Directions for this task — Except for the pictures, retype the records that follow exactly.

The data —
-- Opening Marker --
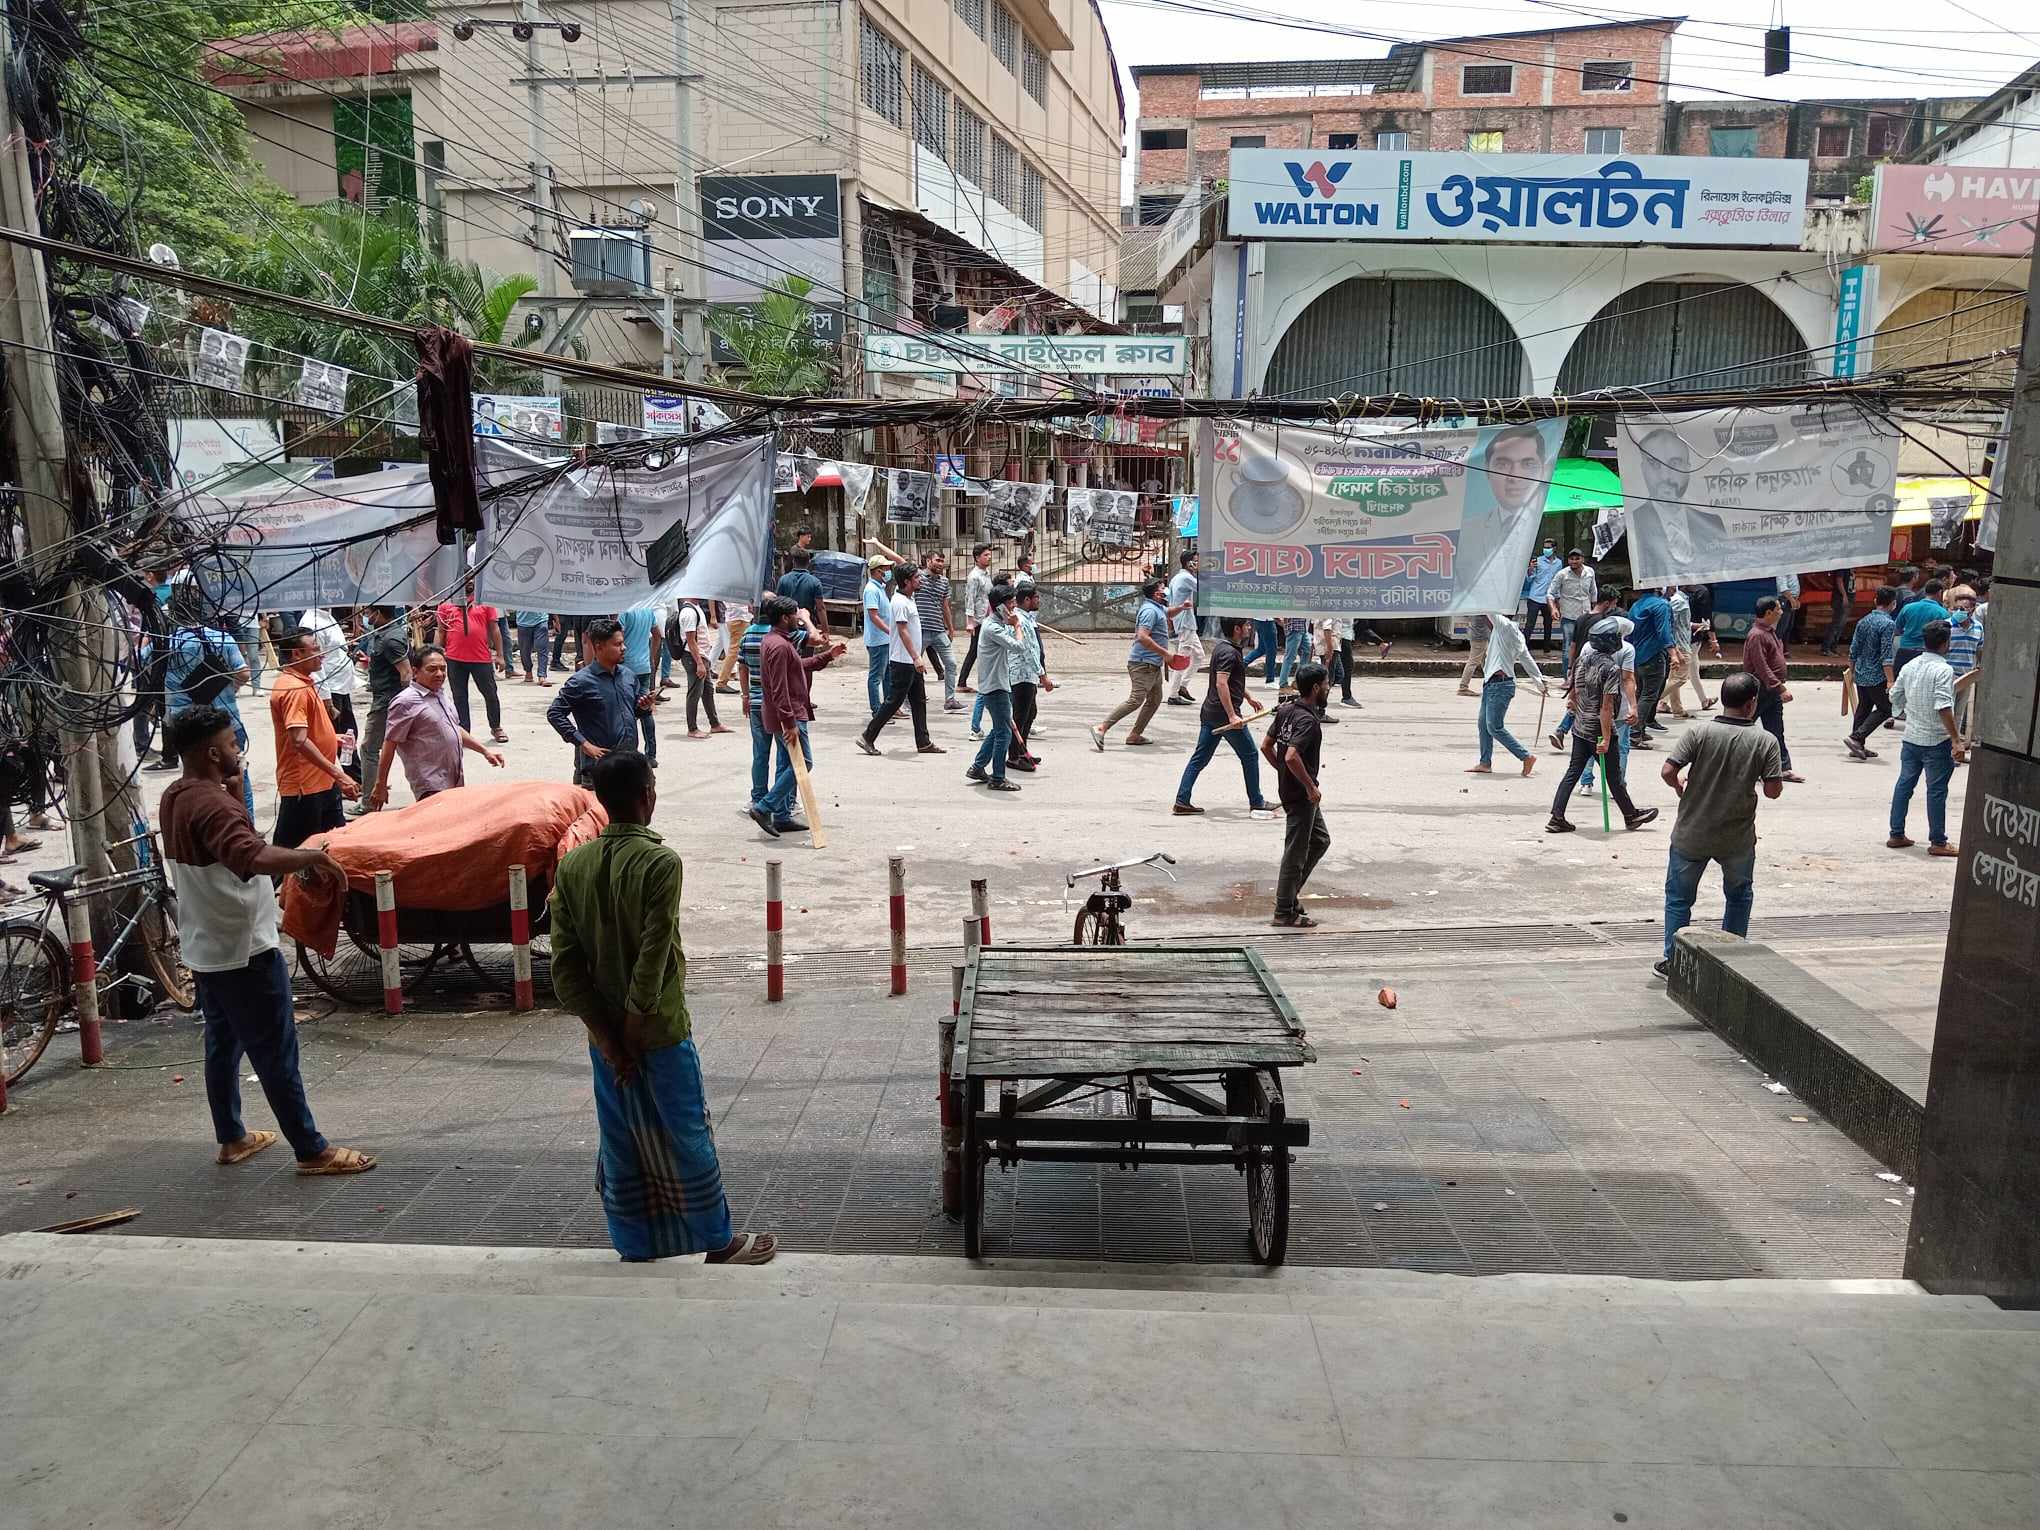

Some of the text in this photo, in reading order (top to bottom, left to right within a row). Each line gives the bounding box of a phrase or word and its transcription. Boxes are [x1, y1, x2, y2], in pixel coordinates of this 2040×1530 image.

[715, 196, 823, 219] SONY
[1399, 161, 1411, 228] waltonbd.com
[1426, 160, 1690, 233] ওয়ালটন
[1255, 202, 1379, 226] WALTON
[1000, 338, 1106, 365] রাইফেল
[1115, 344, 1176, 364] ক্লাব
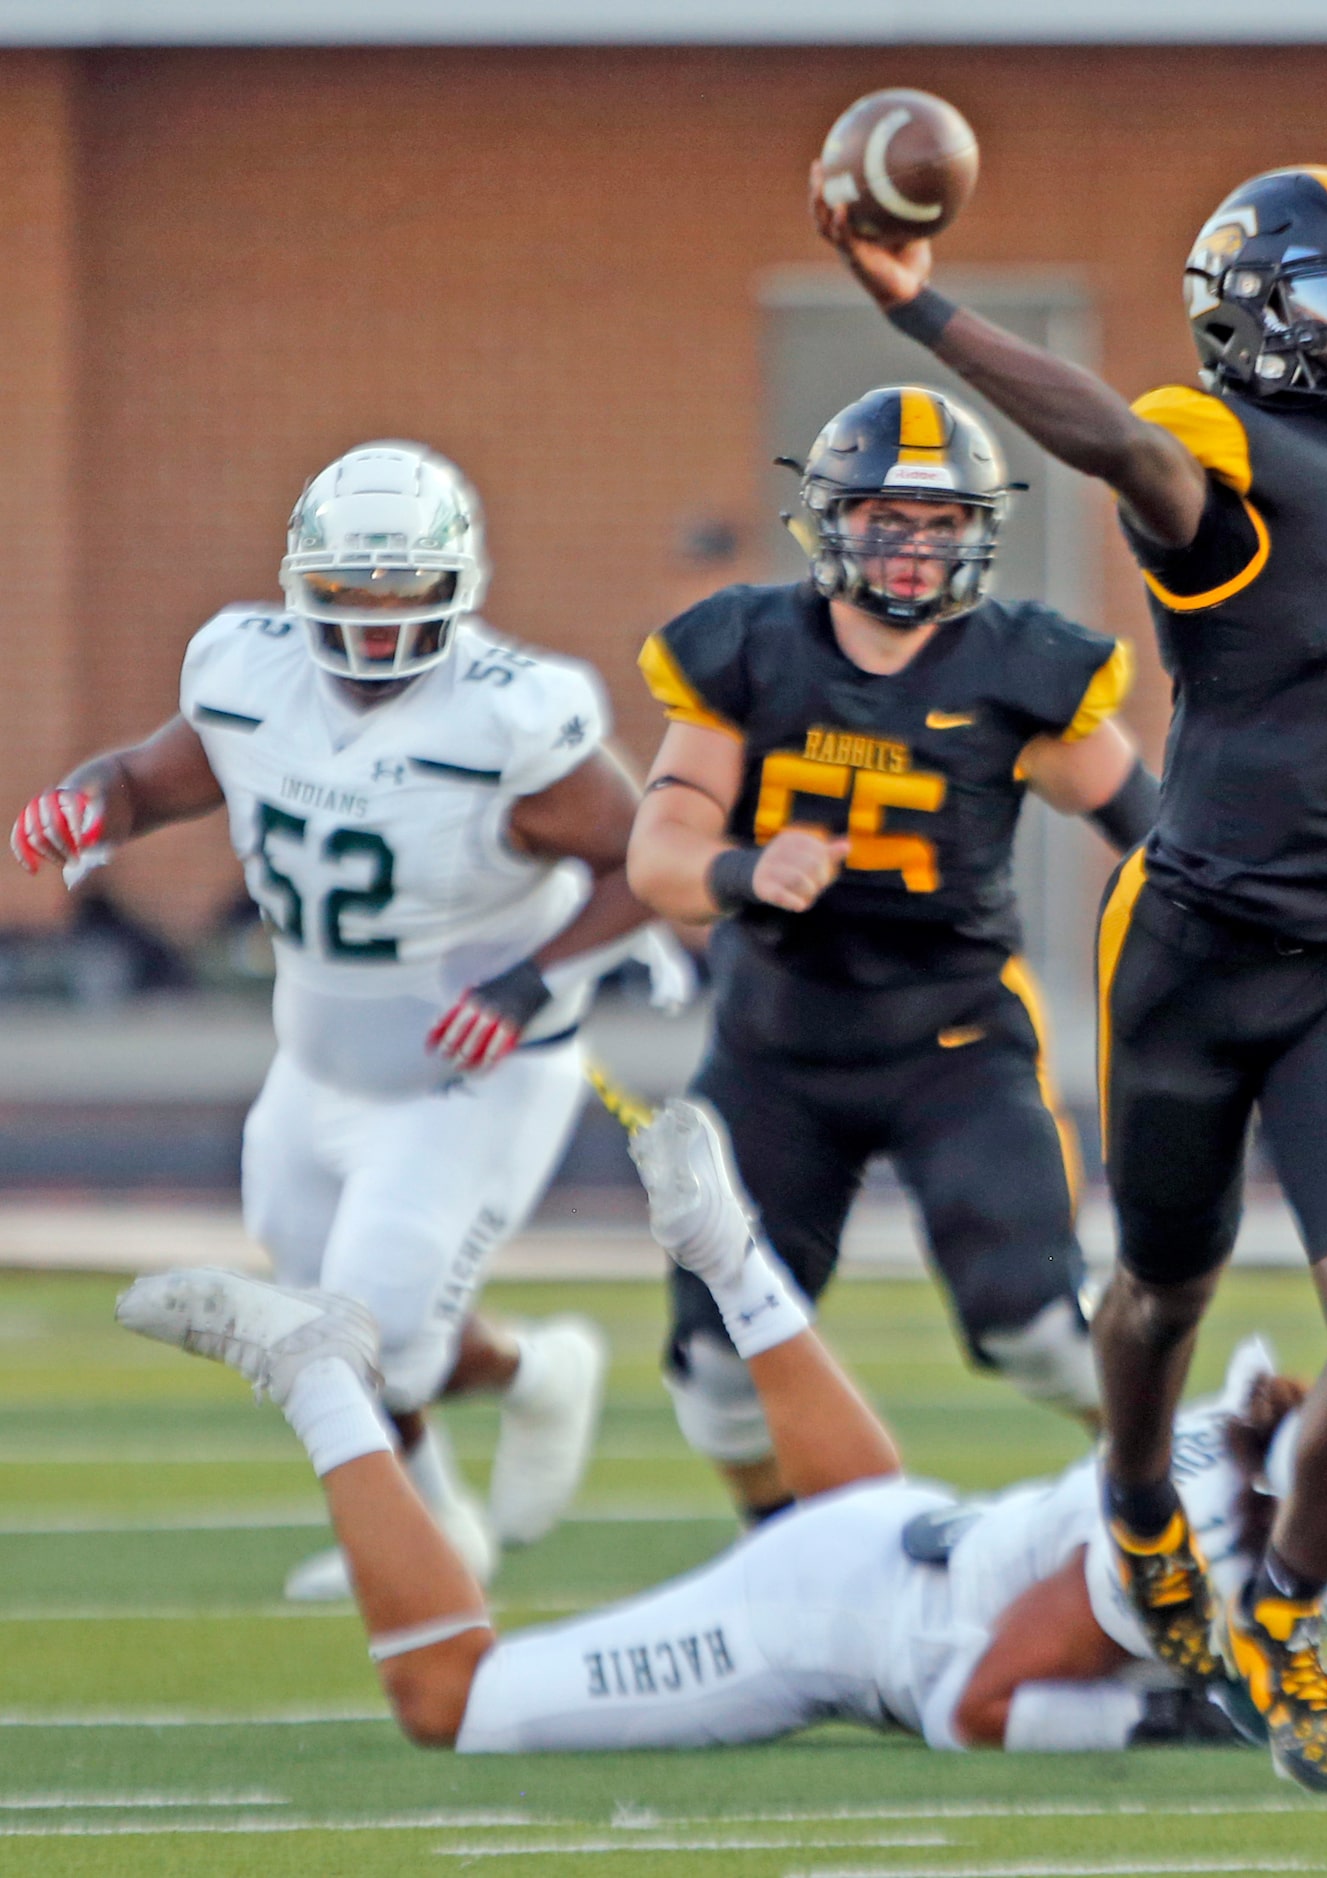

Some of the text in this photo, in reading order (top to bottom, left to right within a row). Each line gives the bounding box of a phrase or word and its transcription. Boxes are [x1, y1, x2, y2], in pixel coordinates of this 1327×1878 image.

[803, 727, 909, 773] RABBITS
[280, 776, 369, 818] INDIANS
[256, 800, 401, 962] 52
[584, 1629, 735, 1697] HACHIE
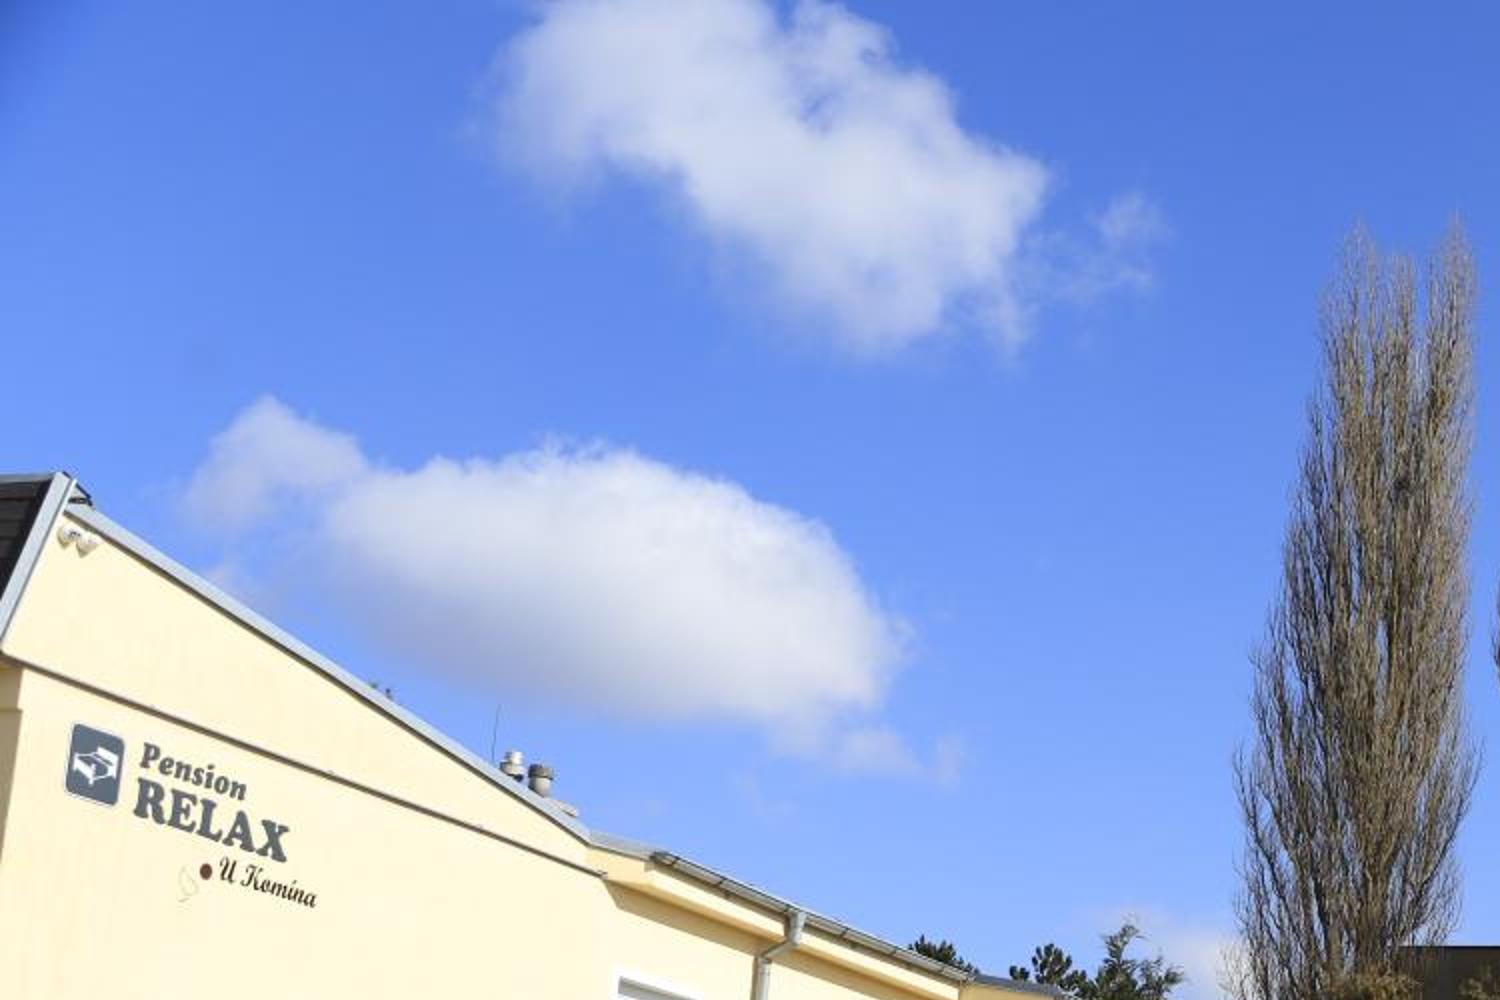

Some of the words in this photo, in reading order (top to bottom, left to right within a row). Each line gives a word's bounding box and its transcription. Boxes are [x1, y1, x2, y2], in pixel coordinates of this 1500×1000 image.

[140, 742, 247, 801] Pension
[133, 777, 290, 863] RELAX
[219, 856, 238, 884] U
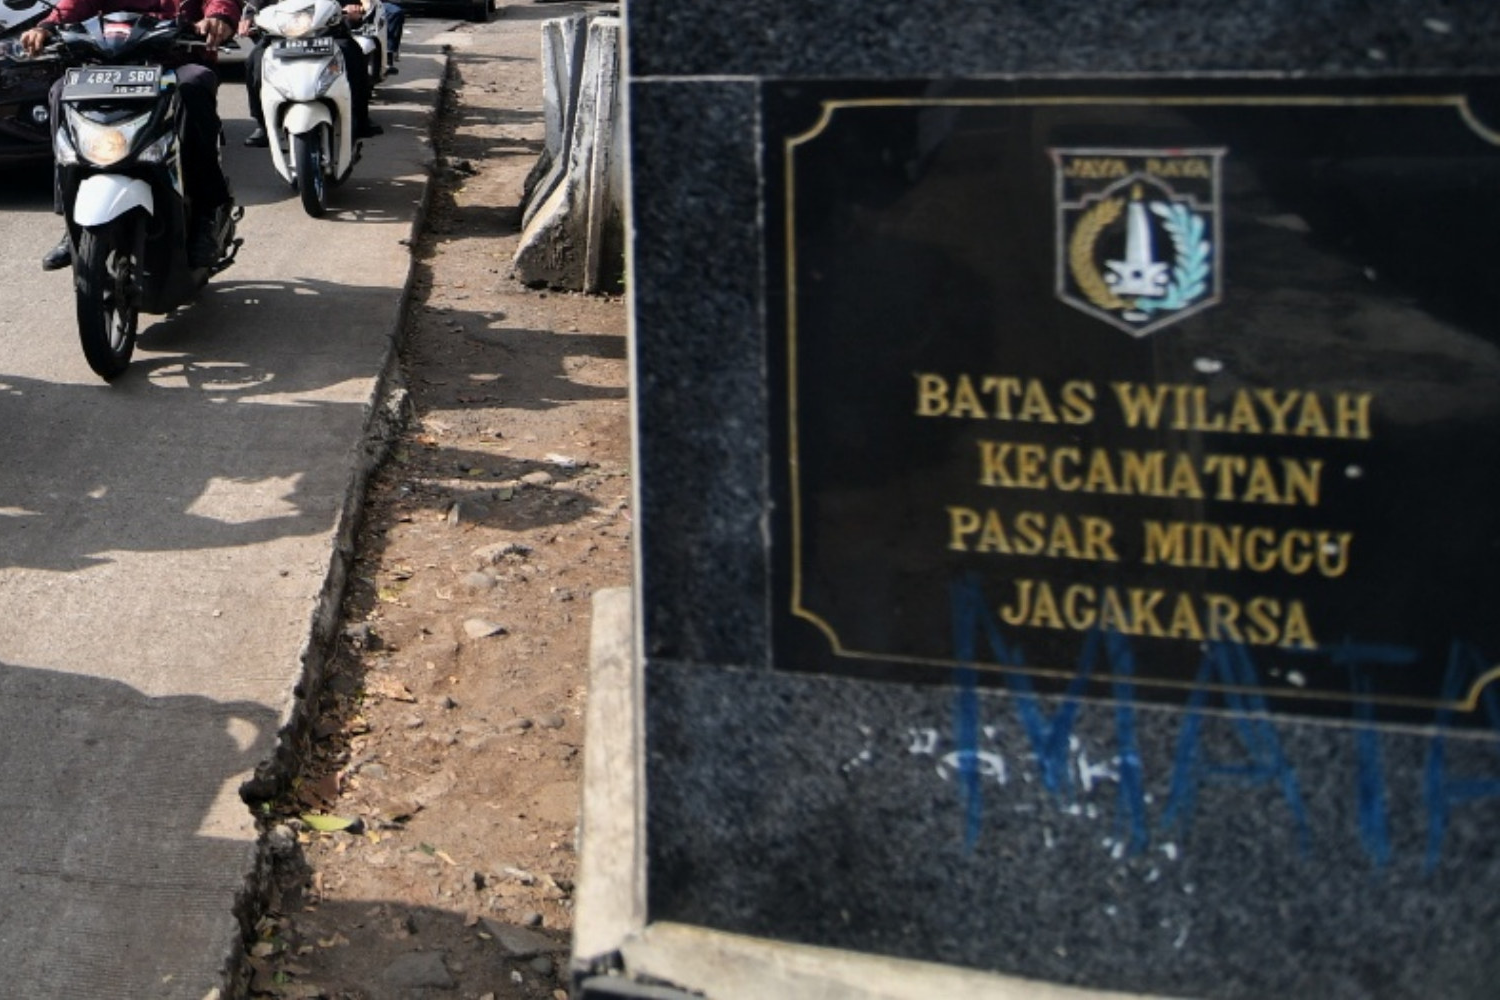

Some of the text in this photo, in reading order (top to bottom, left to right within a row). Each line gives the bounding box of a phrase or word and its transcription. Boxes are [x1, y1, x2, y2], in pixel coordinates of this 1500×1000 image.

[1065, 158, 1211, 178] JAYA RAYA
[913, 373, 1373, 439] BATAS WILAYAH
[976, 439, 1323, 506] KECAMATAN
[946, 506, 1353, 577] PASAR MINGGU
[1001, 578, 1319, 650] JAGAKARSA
-- Closing Marker --
Answer section —
Some of the text in this photo, in reading order (top to bottom, left to right within a row). Each line gives the bounding box of a phrase or word and its transcription. Boxes are [x1, y1, x2, y2], in pixel coordinates of this 2040×1530 image.

[715, 196, 823, 219] SONY
[1399, 161, 1411, 228] waltonbd.com
[1426, 160, 1690, 233] ওয়ালটন
[1255, 202, 1379, 226] WALTON
[1000, 338, 1106, 365] রাইফেল
[1115, 344, 1176, 364] ক্লাব

Some of the text in this photo, in reading order (top to bottom, left to right within a row). Each line gives the bounding box of a phrase or word and its transcription. Boxes are [x1, y1, x2, y2], in pixel coordinates of this 1327×1878 image.

[803, 727, 909, 773] RABBITS
[280, 776, 369, 818] INDIANS
[256, 800, 401, 962] 52
[584, 1629, 735, 1697] HACHIE

Some of the words in this photo, in reading order (top to bottom, left to right within a row). Each line gives a word's bounding box and its transcription. Boxes are [x1, y1, x2, y2], in pixel coordinates of this 1500×1000 image.

[140, 742, 247, 801] Pension
[133, 777, 290, 863] RELAX
[219, 856, 238, 884] U

Some of the text in this photo, in reading order (top to bottom, left to right within a row). Each line gives the bounding box of a phrase or word and its transcription. Boxes are [x1, y1, x2, y2], in pixel coordinates of this 1500×1000 image.

[1065, 158, 1211, 178] JAYA RAYA
[913, 373, 1373, 439] BATAS WILAYAH
[976, 439, 1323, 506] KECAMATAN
[946, 506, 1353, 577] PASAR MINGGU
[1001, 578, 1319, 650] JAGAKARSA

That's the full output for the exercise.